### WHAT NEEDS TO BE DONE
Each line of the records has to be copied exactly, though the pictures must be left out.

(Referring expression grounding data)

===

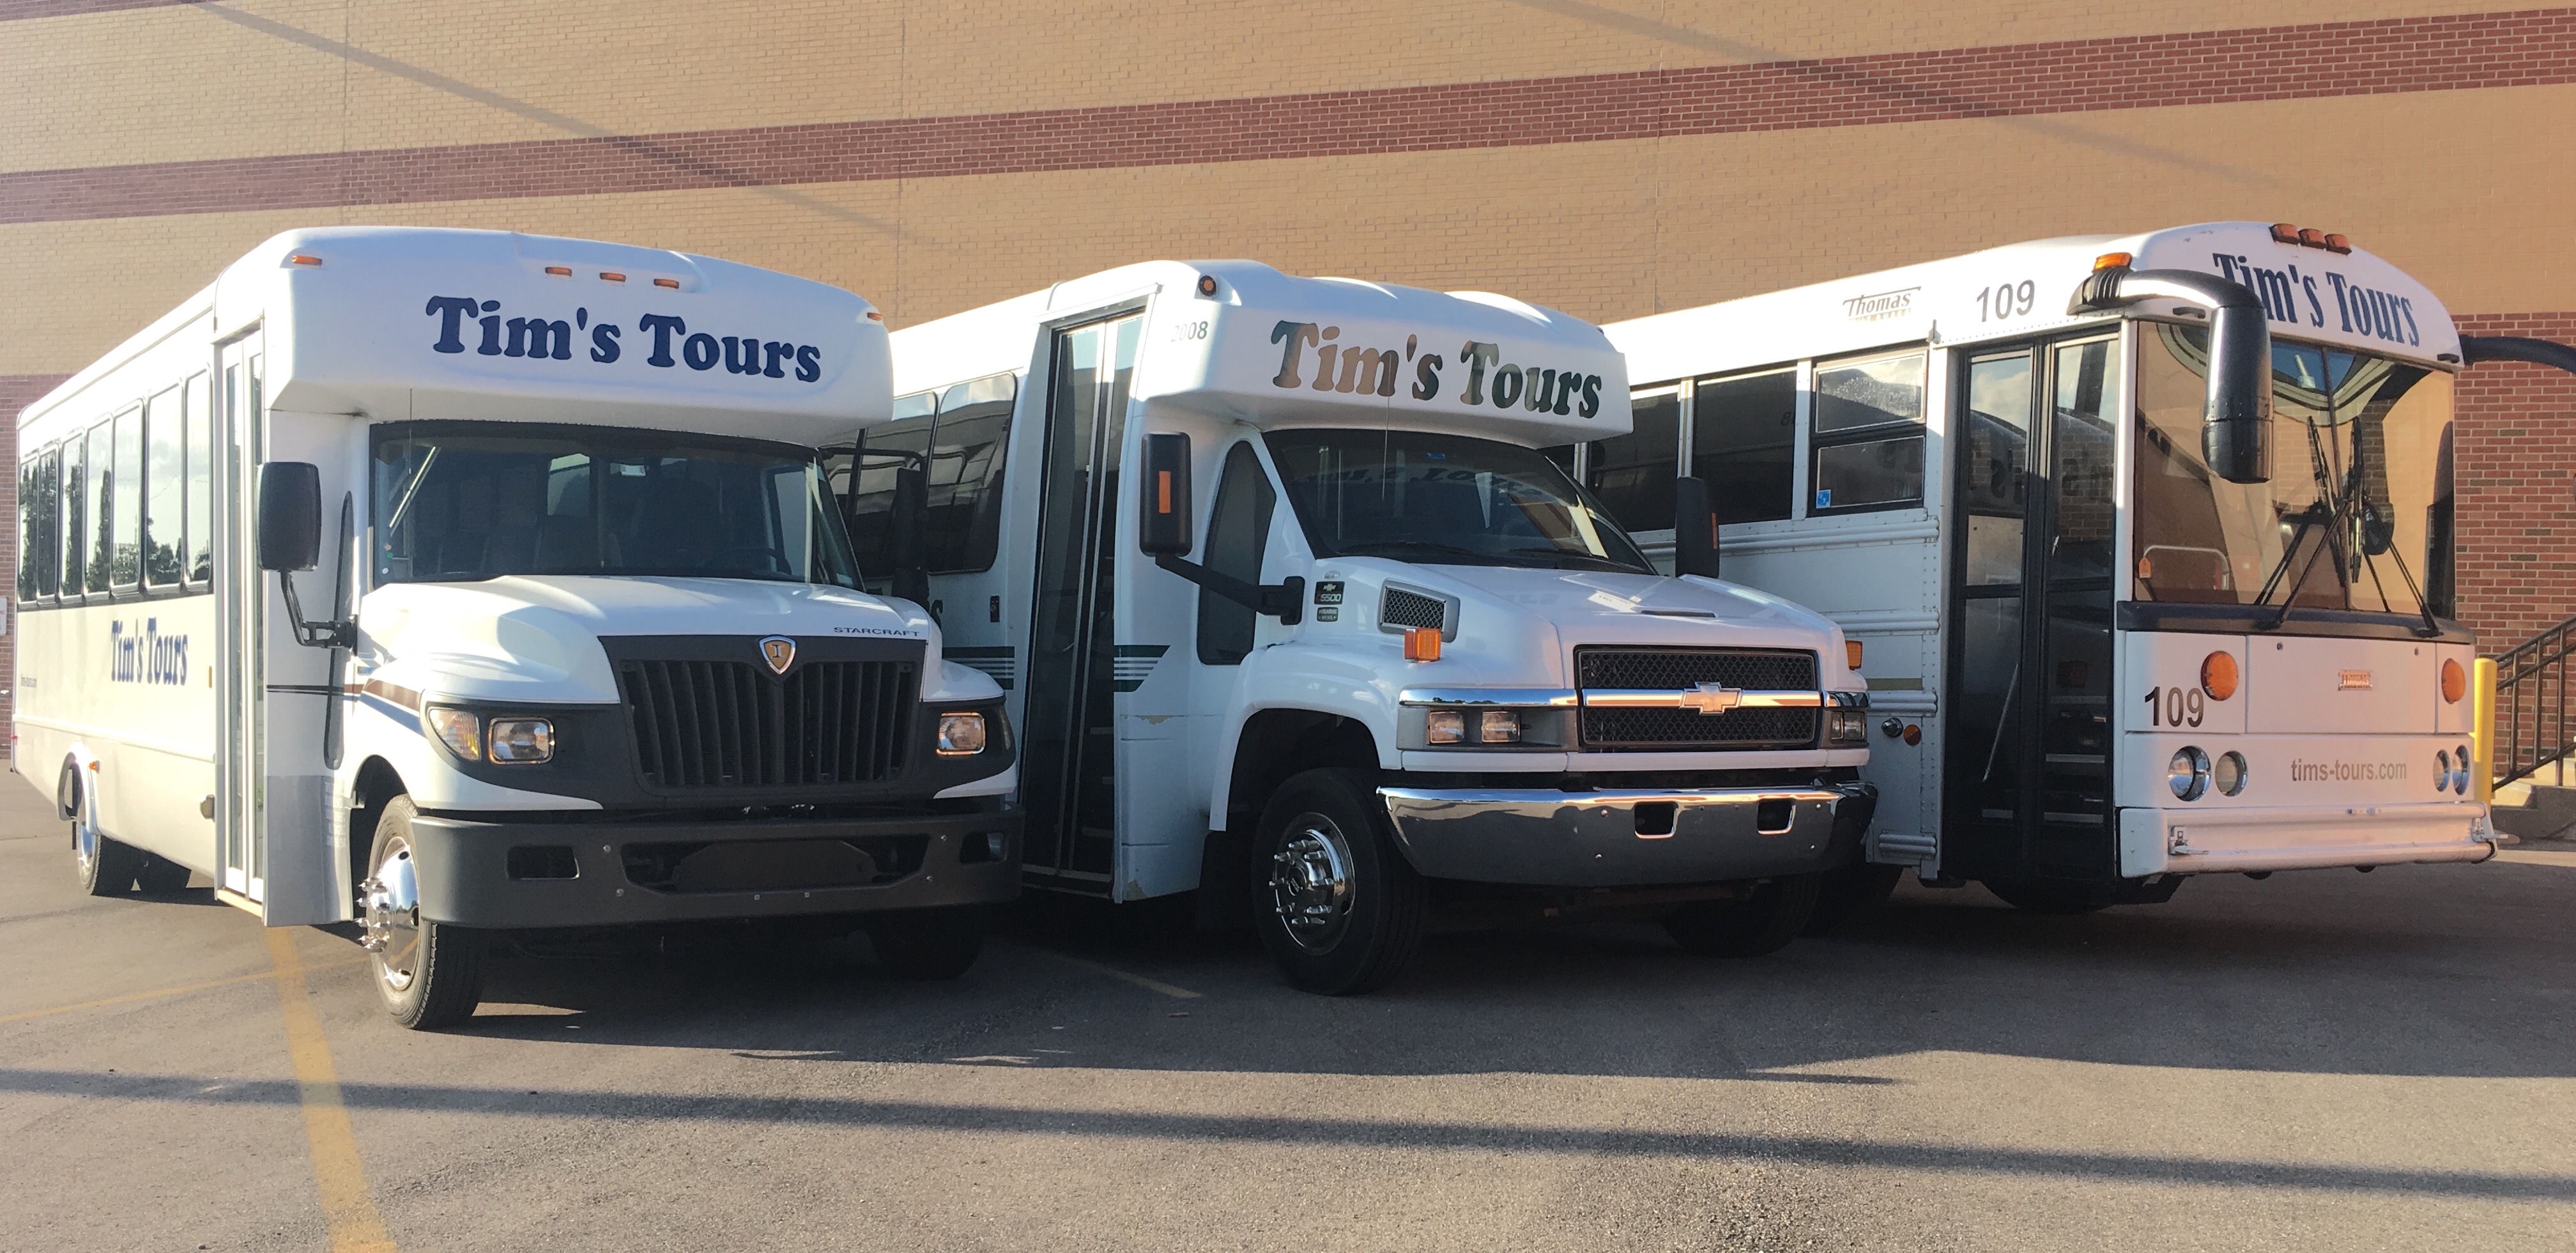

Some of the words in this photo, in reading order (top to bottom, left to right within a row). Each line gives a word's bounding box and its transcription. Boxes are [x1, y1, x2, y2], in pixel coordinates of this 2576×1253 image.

[1843, 286, 1922, 316] Thomas
[1977, 279, 2035, 323] 109
[2326, 272, 2419, 347] Tours
[426, 295, 621, 364] Tim's
[640, 313, 822, 383] Tours
[1170, 321, 1208, 342] 2008
[1271, 320, 1443, 401] Tim's
[1460, 340, 1602, 419] Tours
[111, 618, 143, 684] Tim's
[146, 617, 188, 686] Tours
[834, 627, 920, 636] STARCRAFT
[2145, 686, 2204, 727] 109
[2291, 758, 2407, 781] tims-tours.com
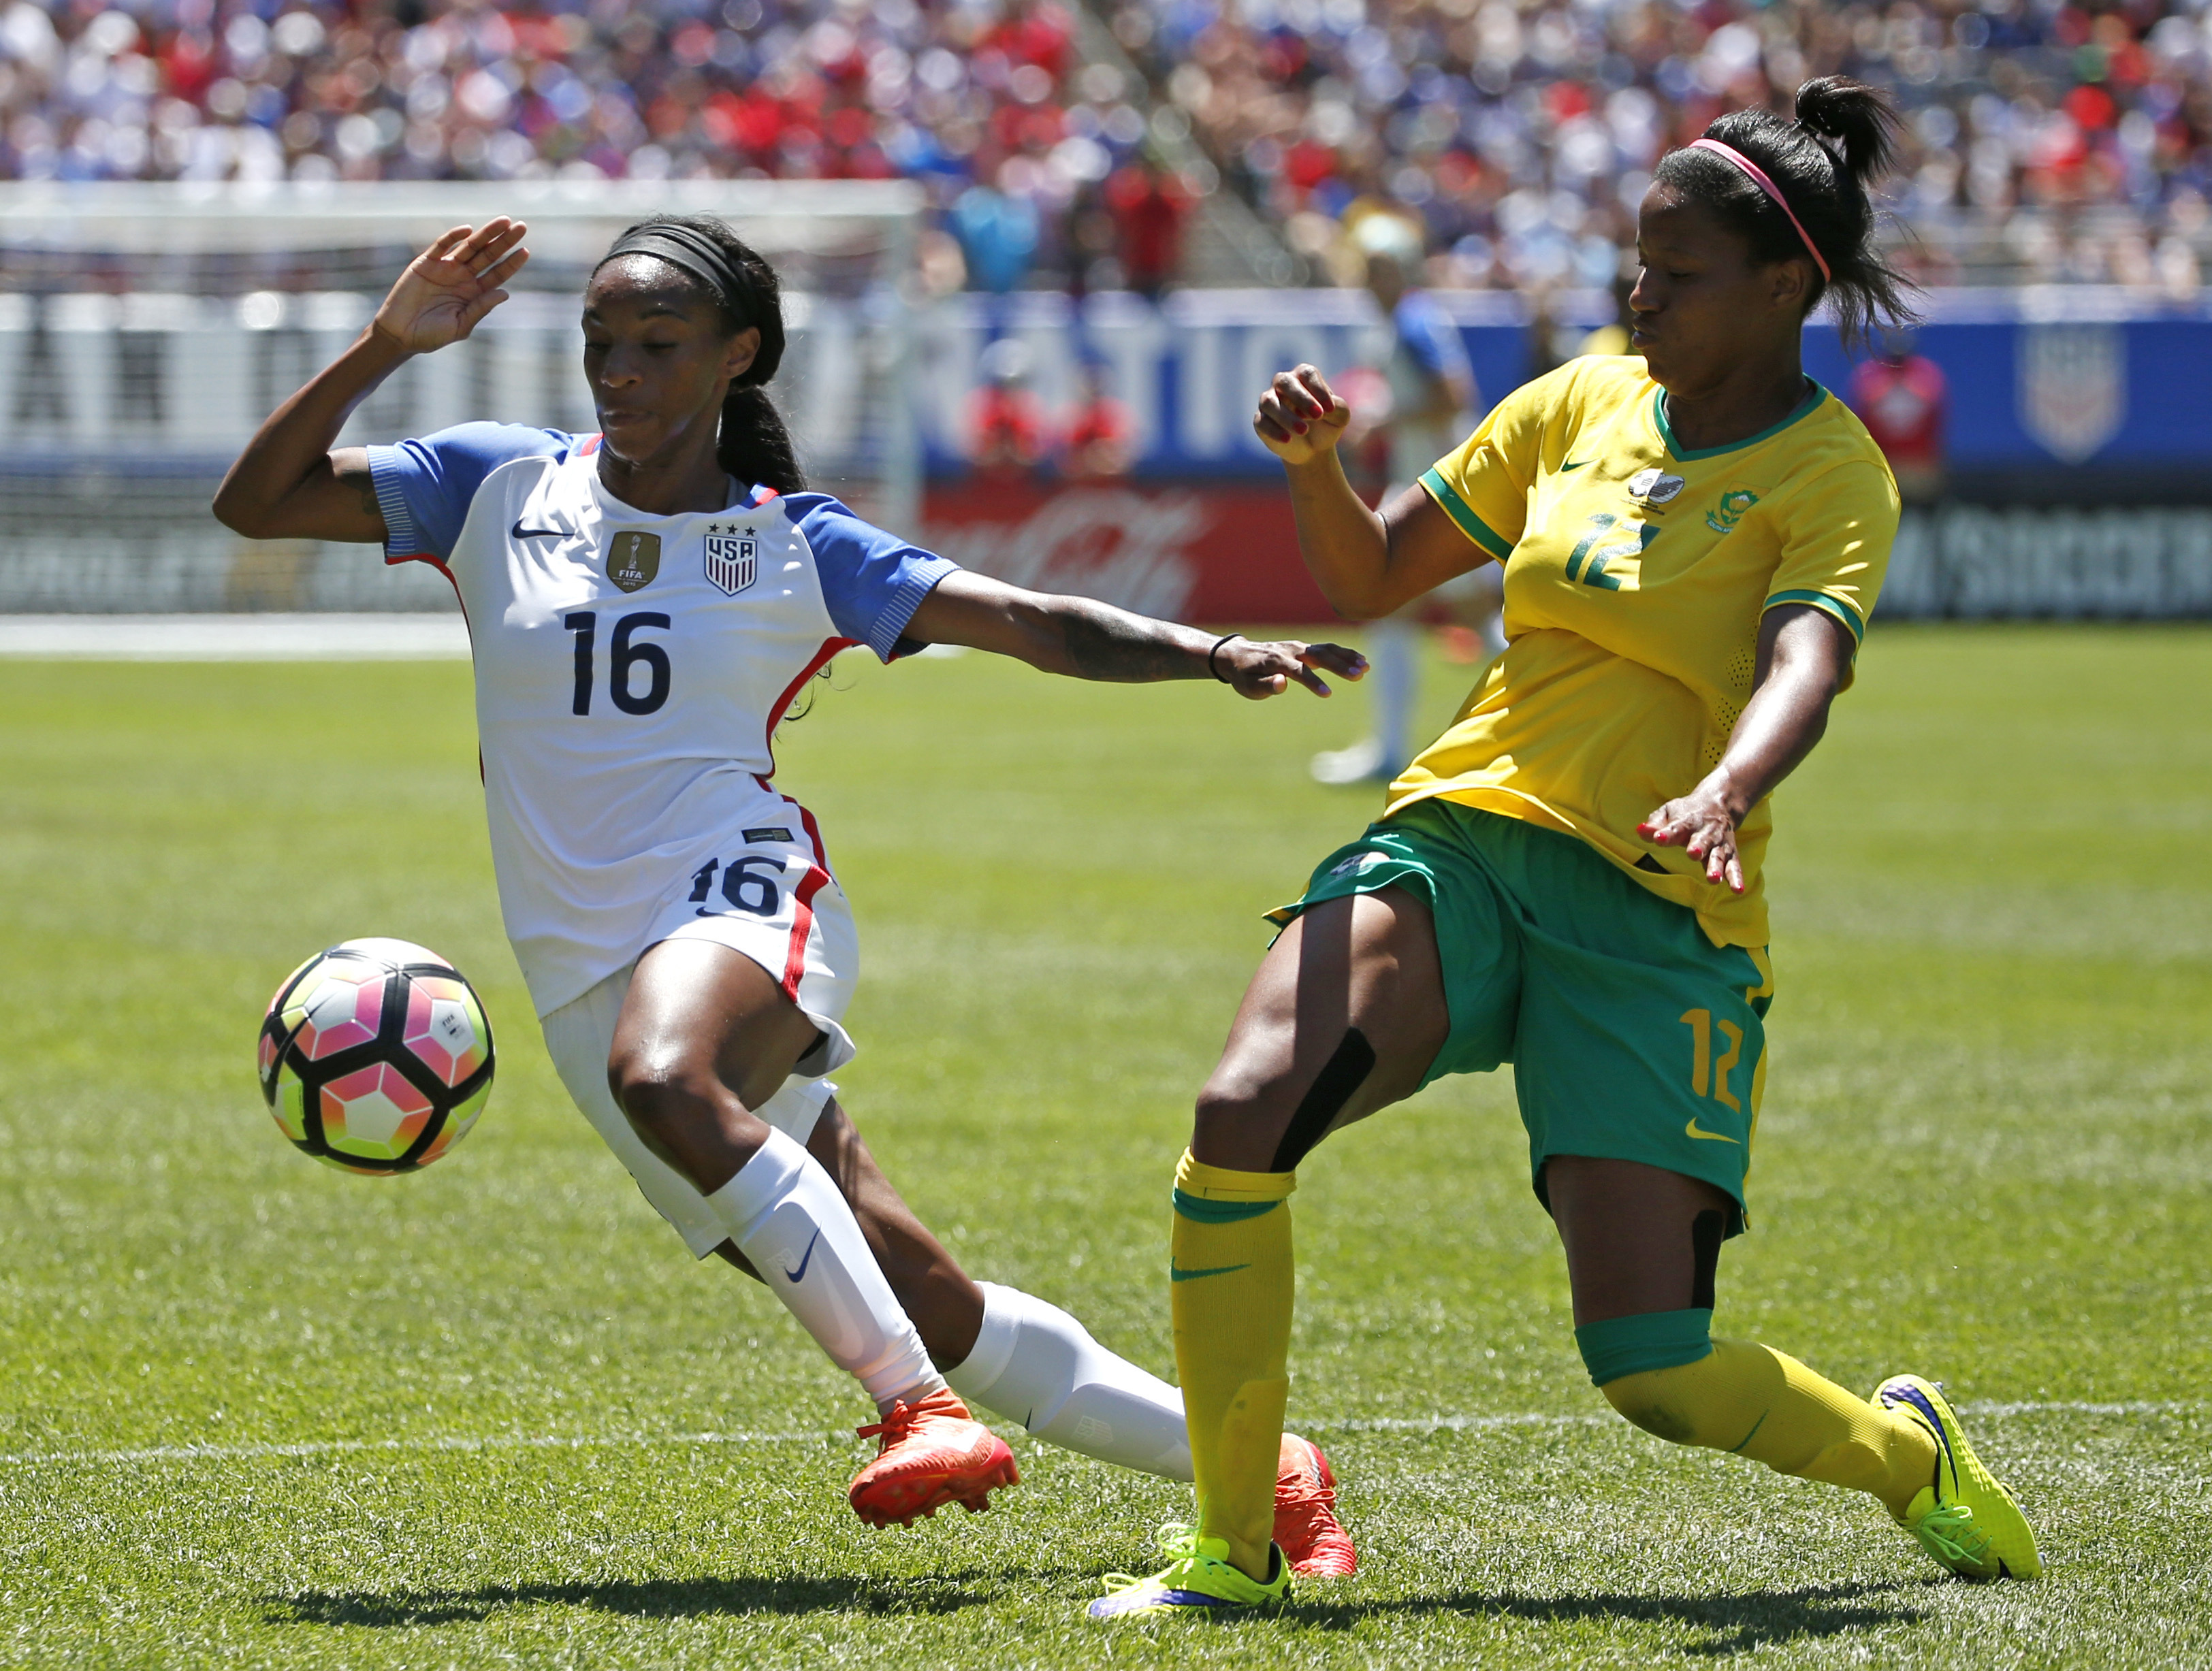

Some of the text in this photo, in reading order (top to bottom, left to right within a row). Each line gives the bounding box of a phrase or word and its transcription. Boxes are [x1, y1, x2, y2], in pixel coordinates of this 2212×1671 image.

[619, 569, 642, 579] FIFA
[709, 538, 752, 561] USA
[1566, 513, 1661, 591] 12
[564, 611, 671, 716] 16
[688, 856, 786, 917] 16
[1679, 1008, 1744, 1114] 12

===

### SOLUTION FOR THIS PROBLEM
Some of the words in this photo, in reading order (top to bottom, left to right within a row). Each line gives a word's bounding box and its transcription. Boxes are [x1, y1, x2, y2], in pixel coordinates of this 2576×1253 image.

[1843, 286, 1922, 316] Thomas
[1977, 279, 2035, 323] 109
[2326, 272, 2419, 347] Tours
[426, 295, 621, 364] Tim's
[640, 313, 822, 383] Tours
[1170, 321, 1208, 342] 2008
[1271, 320, 1443, 401] Tim's
[1460, 340, 1602, 419] Tours
[111, 618, 143, 684] Tim's
[146, 617, 188, 686] Tours
[834, 627, 920, 636] STARCRAFT
[2145, 686, 2204, 727] 109
[2291, 758, 2407, 781] tims-tours.com

Some of the text in this photo, in reading order (top to bottom, left to right within a row). Each line gives the bounding box of a phrase or word and its transcription. Boxes are [x1, y1, x2, y2], in pixel coordinates of this 2212×1671 image.

[619, 569, 642, 579] FIFA
[709, 538, 752, 561] USA
[1566, 513, 1661, 591] 12
[564, 611, 671, 716] 16
[688, 856, 786, 917] 16
[1679, 1008, 1744, 1114] 12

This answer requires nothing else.